Three years ago, the state of Illinois passed a law that requires the police to look for and process older kits.  In Robbins, IL alone, police were able to find boxes full of materials that could have assisted in the conviction of offenders.  They discovered clothes, blood and other evidence with viable DNA samples. In total, they found  51 kits that were never tested and processed.

The police, through ongoing searches, found an additional  150 kits that were submitted for processing, but were never fully tested which means that potential DNA evidence was not evaluated or matched to the  national database that is used to identify and apprehend suspects.

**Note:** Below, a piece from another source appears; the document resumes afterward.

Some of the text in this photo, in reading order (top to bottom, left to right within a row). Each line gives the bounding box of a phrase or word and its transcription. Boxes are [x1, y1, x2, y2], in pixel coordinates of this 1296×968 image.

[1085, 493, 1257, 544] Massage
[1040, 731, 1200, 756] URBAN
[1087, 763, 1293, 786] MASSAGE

Cook County is not the only county  that has cracked down on untested kits. Wayne  County, which encompasses Detroit, has a prosecutor who is determined to restore justice to the system. Kim Worthy recently began an investigation looking into rape cases that were never solved. In too many instances, when kits are not tested, perpetrators become repeat offenders and continue to hurt other, unsuspecting women.

For the women who were victims, learning about the breakdown in the procedures can open old wounds and further victimize the victims. Although no amount of time can recapture what these women lost, new laws are making it more difficult for police departments to misplace kits. Future generations of women will not have to deal with what the women of Robbins, IL and elsewhere, had to endure.